Set down the data below exactly; pictures stay out.

[Items from a dataset]
• • •

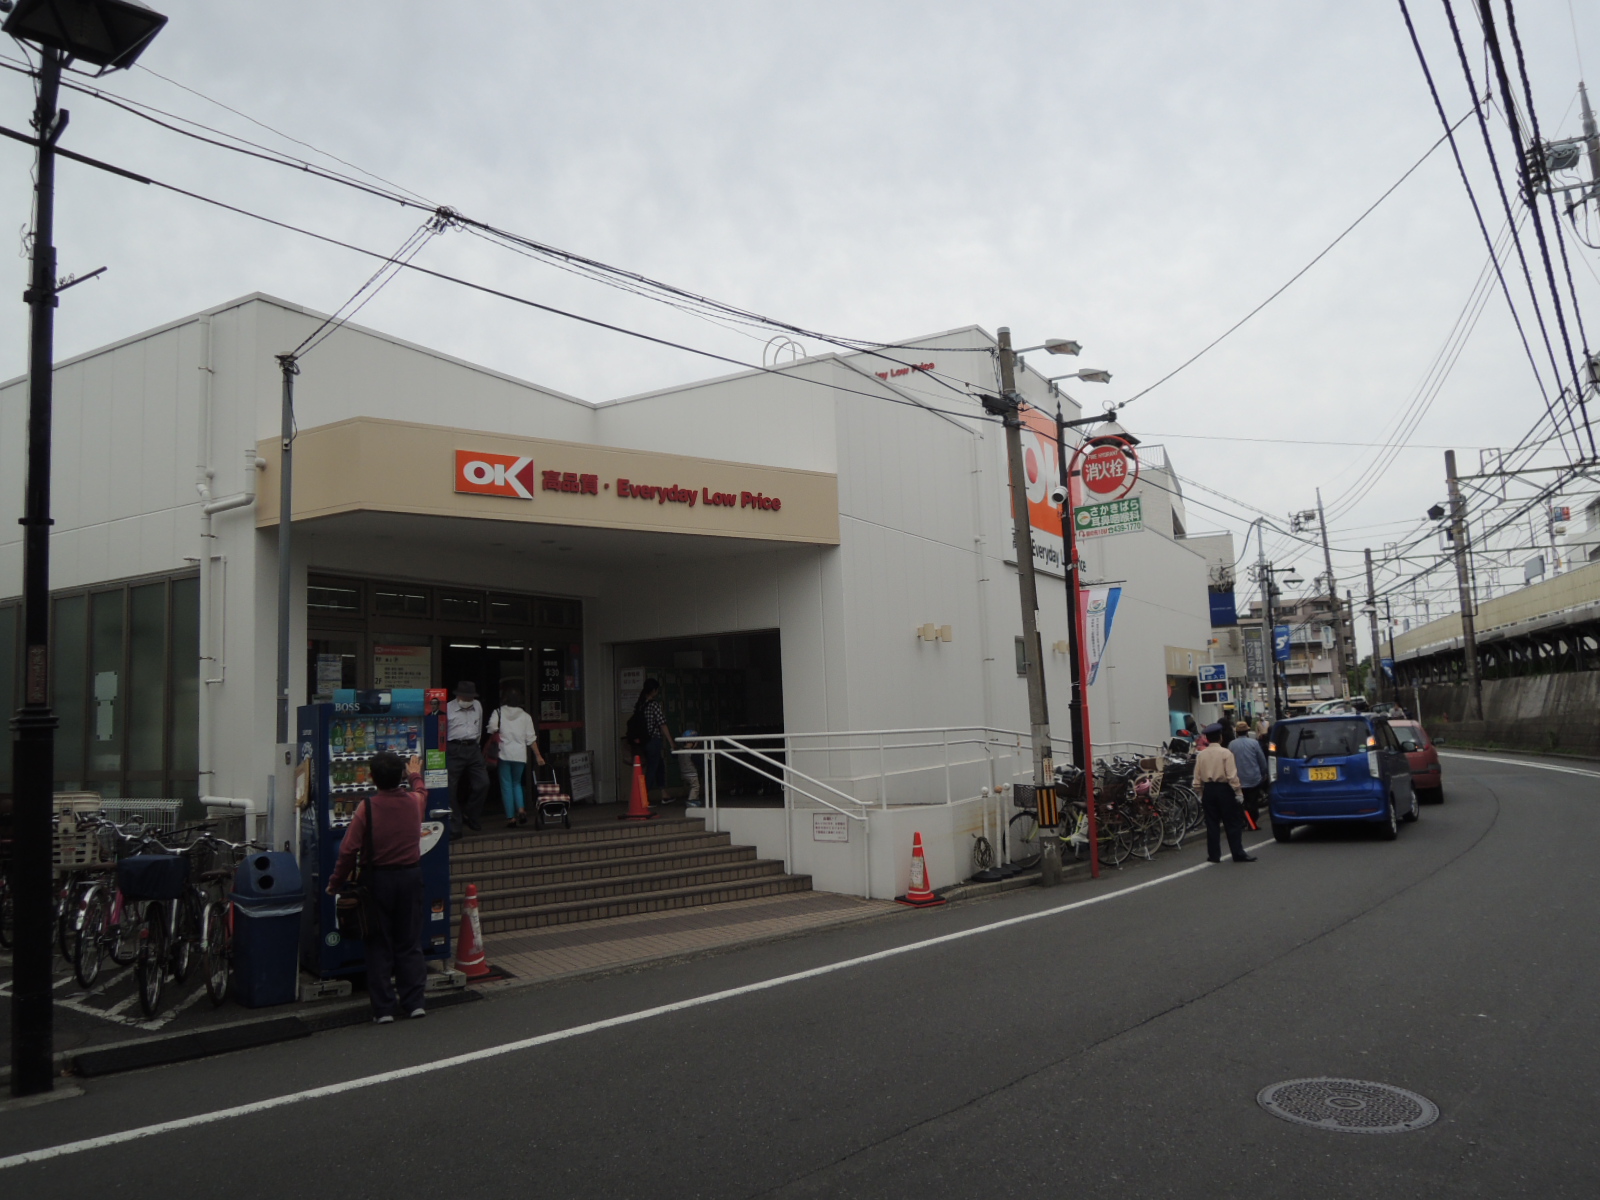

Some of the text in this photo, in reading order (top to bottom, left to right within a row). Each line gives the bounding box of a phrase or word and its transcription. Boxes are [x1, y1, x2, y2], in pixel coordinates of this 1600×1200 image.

[462, 456, 533, 499] OK
[1085, 459, 1124, 482] 消火栓
[616, 478, 698, 507] Everyday
[702, 487, 736, 507] Low
[740, 490, 781, 511] Price
[1089, 498, 1139, 517] さかきばら
[1091, 511, 1140, 527] 耳鼻咽喉科
[1031, 538, 1060, 568] Everyday
[545, 668, 560, 677] 8:30
[542, 683, 560, 692] 21:30
[335, 702, 360, 712] BOSS
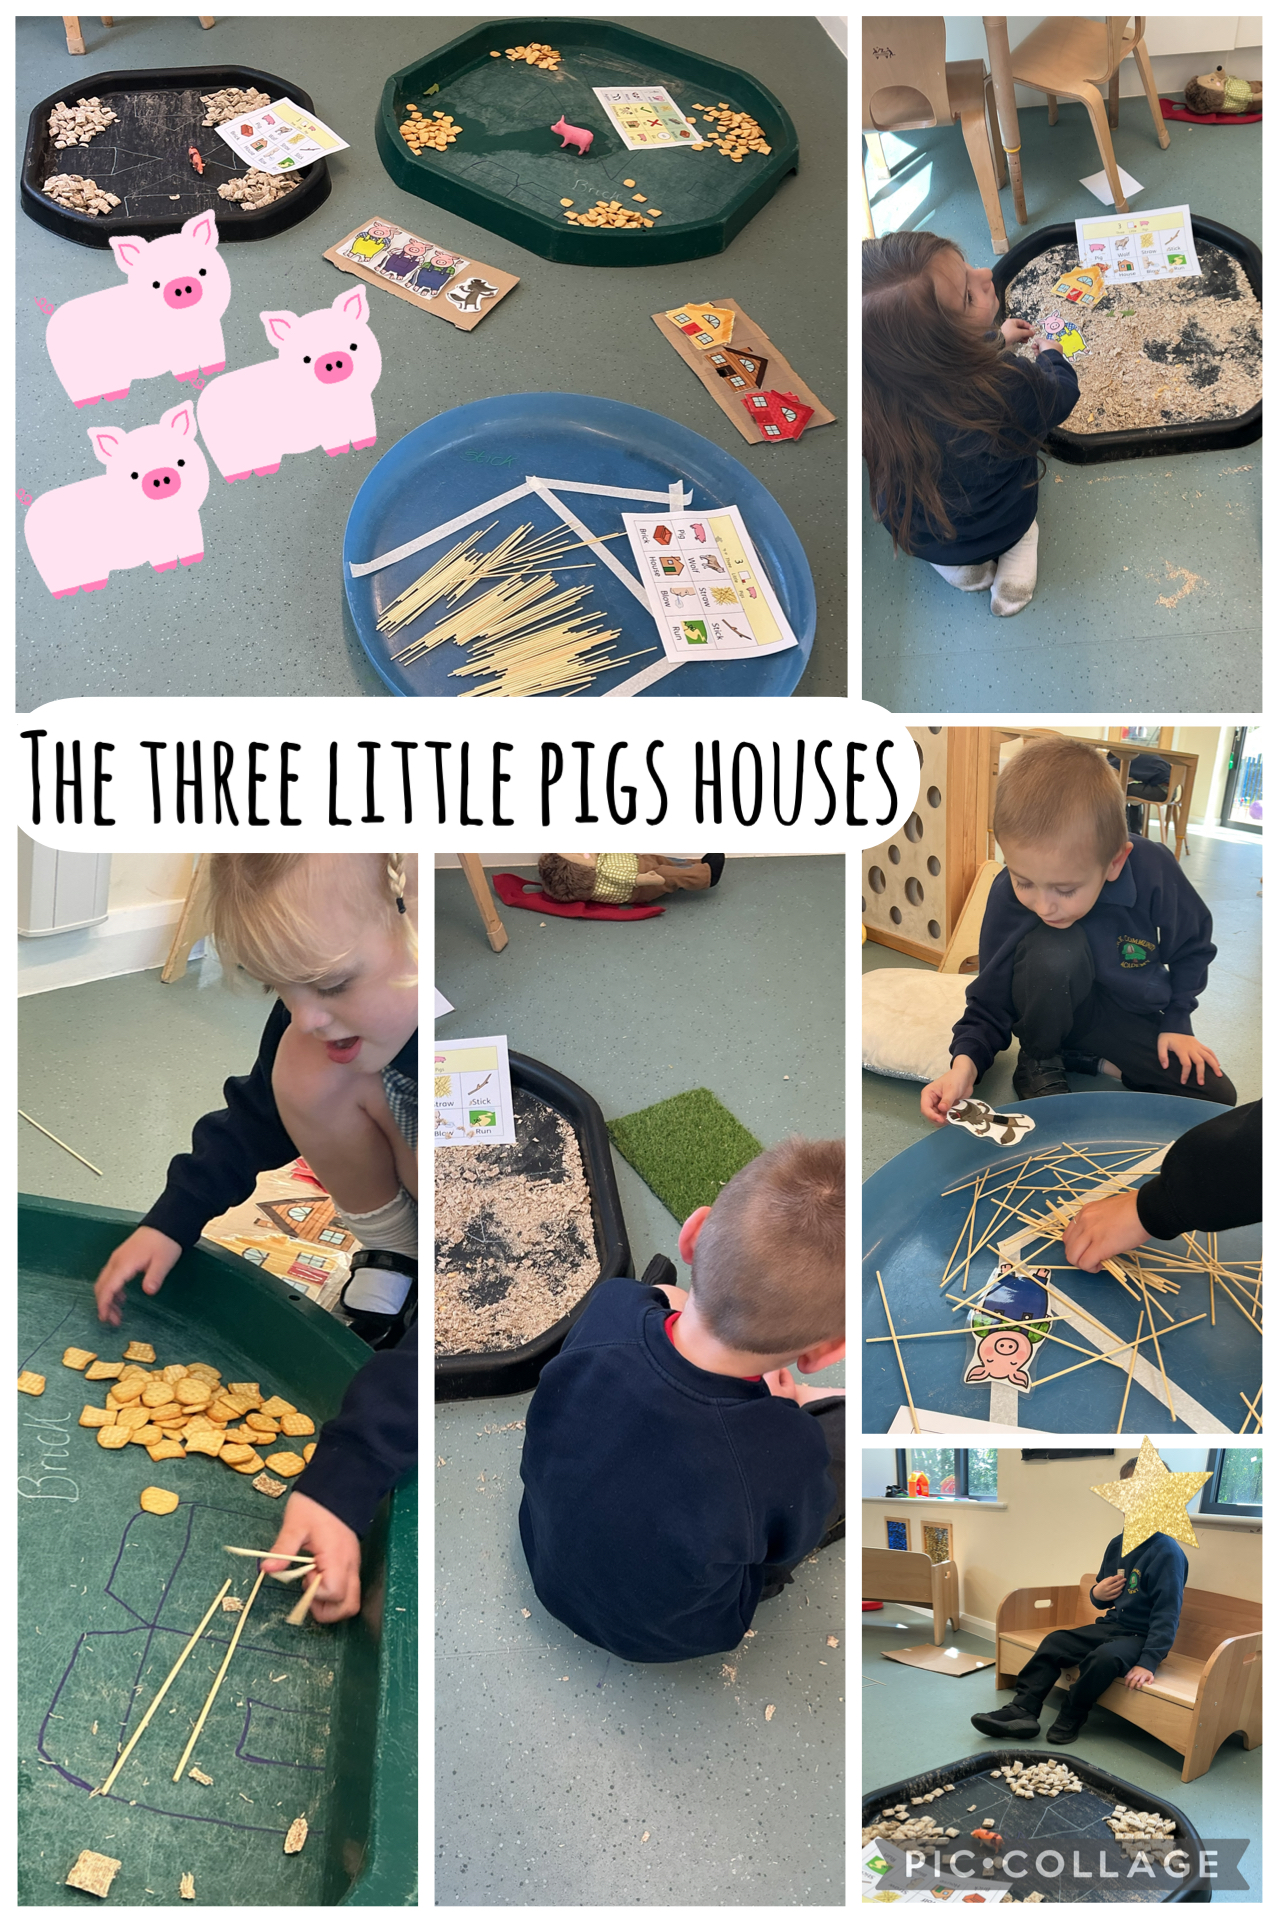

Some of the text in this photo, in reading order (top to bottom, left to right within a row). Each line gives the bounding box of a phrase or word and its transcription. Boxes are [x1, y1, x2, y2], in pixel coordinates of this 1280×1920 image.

[639, 528, 649, 544] Brick
[677, 529, 686, 540] Pig
[649, 556, 661, 577] House
[687, 557, 701, 574] Wolf
[660, 590, 671, 608] Blow
[698, 587, 711, 608] Straw
[672, 626, 682, 641] Run
[711, 622, 723, 641] Stick
[472, 1098, 492, 1106] Stick
[17, 1412, 79, 1503] Brick
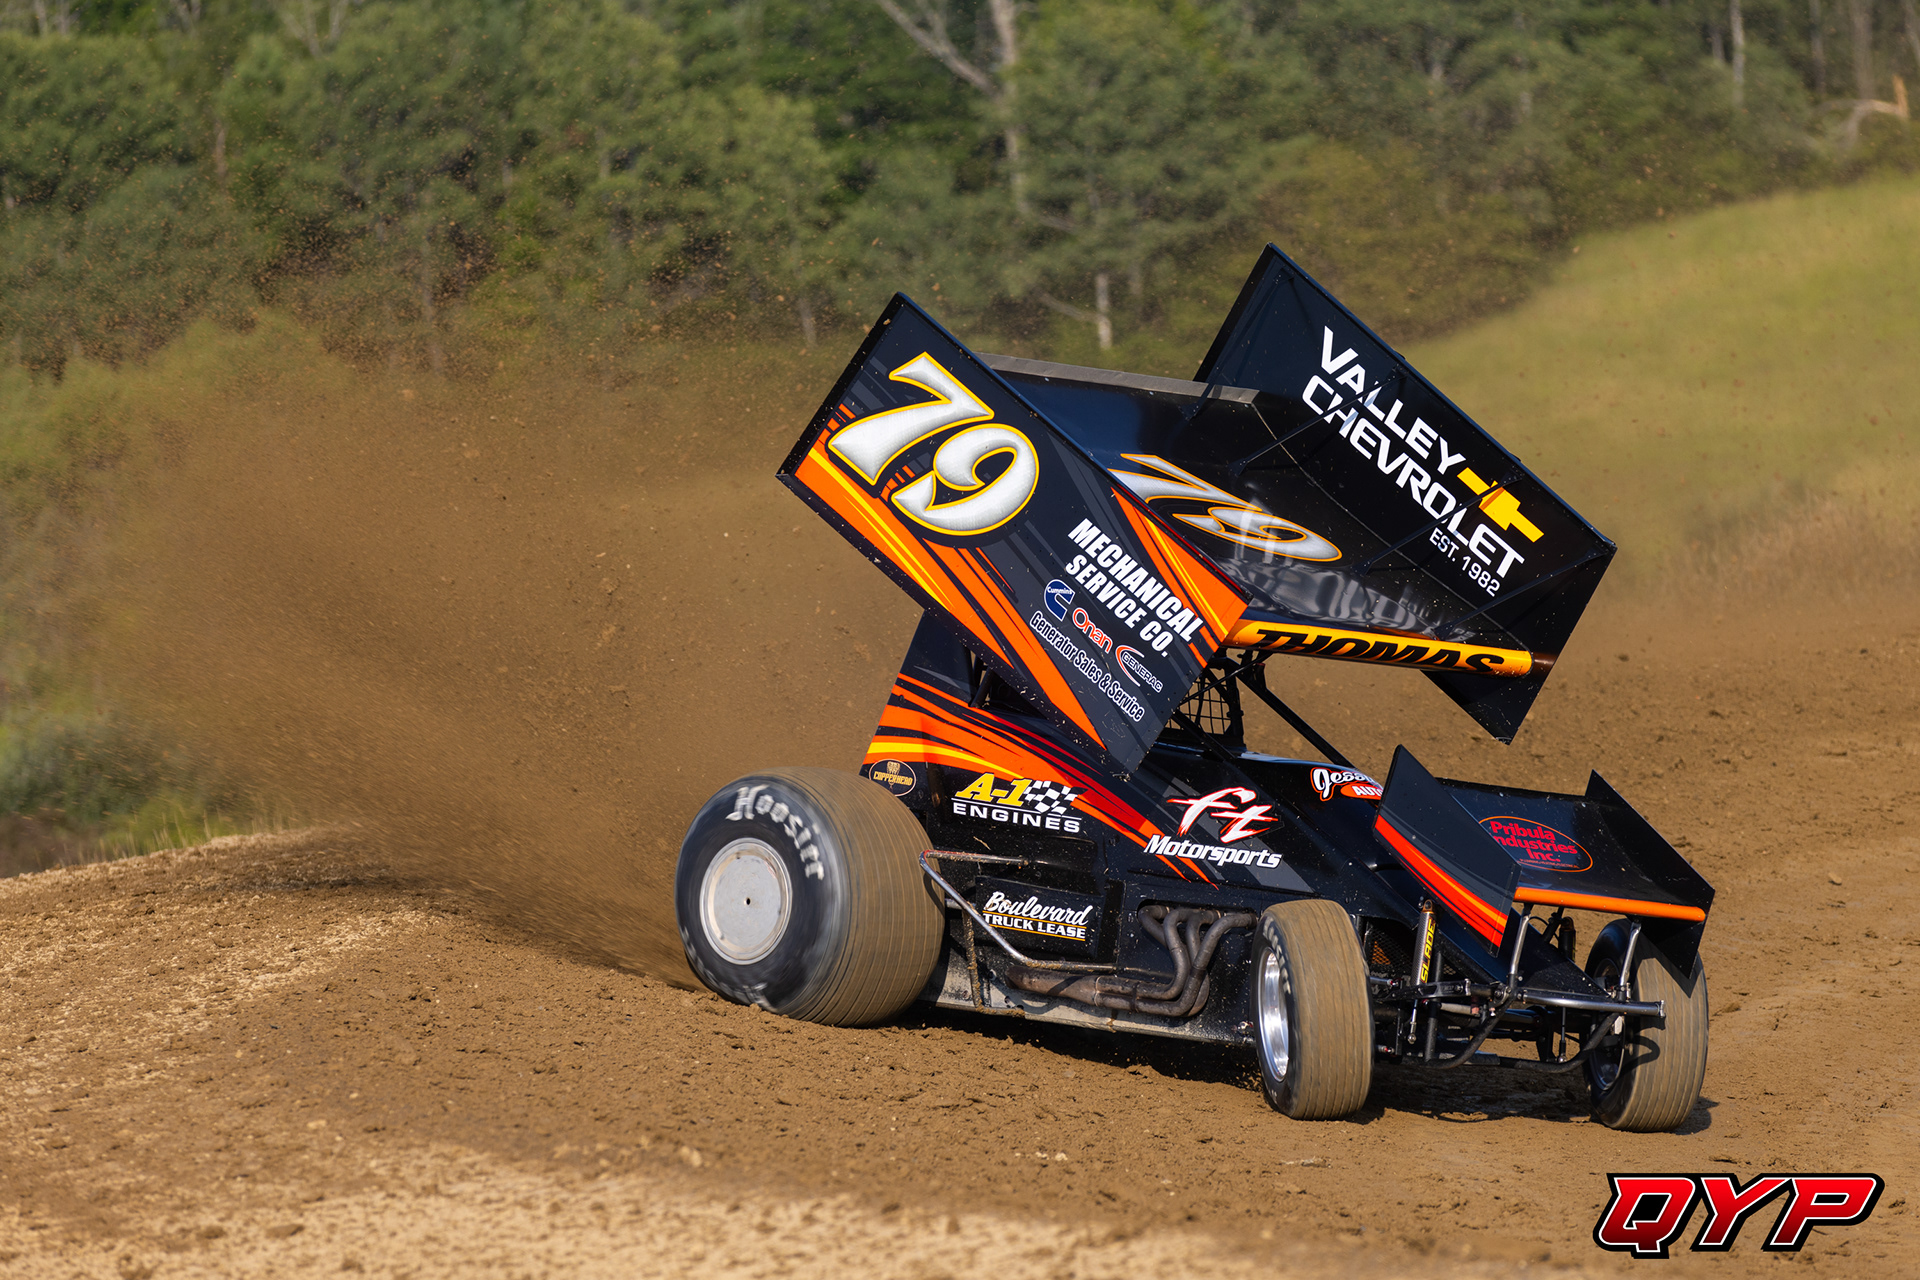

• • •

OUTPUT BELOW.
Some of the text in this photo, in reading order (top to bottom, left to right within a row). Each line gives the bounding box of a phrase or word and its transcription. Boxes are [x1, y1, x2, y2], in pixel coordinates of this 1600×1200 image.

[462, 456, 533, 499] OK
[1085, 459, 1124, 482] 消火栓
[616, 478, 698, 507] Everyday
[702, 487, 736, 507] Low
[740, 490, 781, 511] Price
[1089, 498, 1139, 517] さかきばら
[1091, 511, 1140, 527] 耳鼻咽喉科
[1031, 538, 1060, 568] Everyday
[545, 668, 560, 677] 8:30
[542, 683, 560, 692] 21:30
[335, 702, 360, 712] BOSS

Some of the text in this photo, in reading order (top to bottom, left to right within a row). Each line gives the bounding box of a phrase or word and its transcription. Boxes are [x1, y1, x2, y2], in pixel coordinates of this 1280×1920 image.

[639, 528, 649, 544] Brick
[677, 529, 686, 540] Pig
[649, 556, 661, 577] House
[687, 557, 701, 574] Wolf
[660, 590, 671, 608] Blow
[698, 587, 711, 608] Straw
[672, 626, 682, 641] Run
[711, 622, 723, 641] Stick
[472, 1098, 492, 1106] Stick
[17, 1412, 79, 1503] Brick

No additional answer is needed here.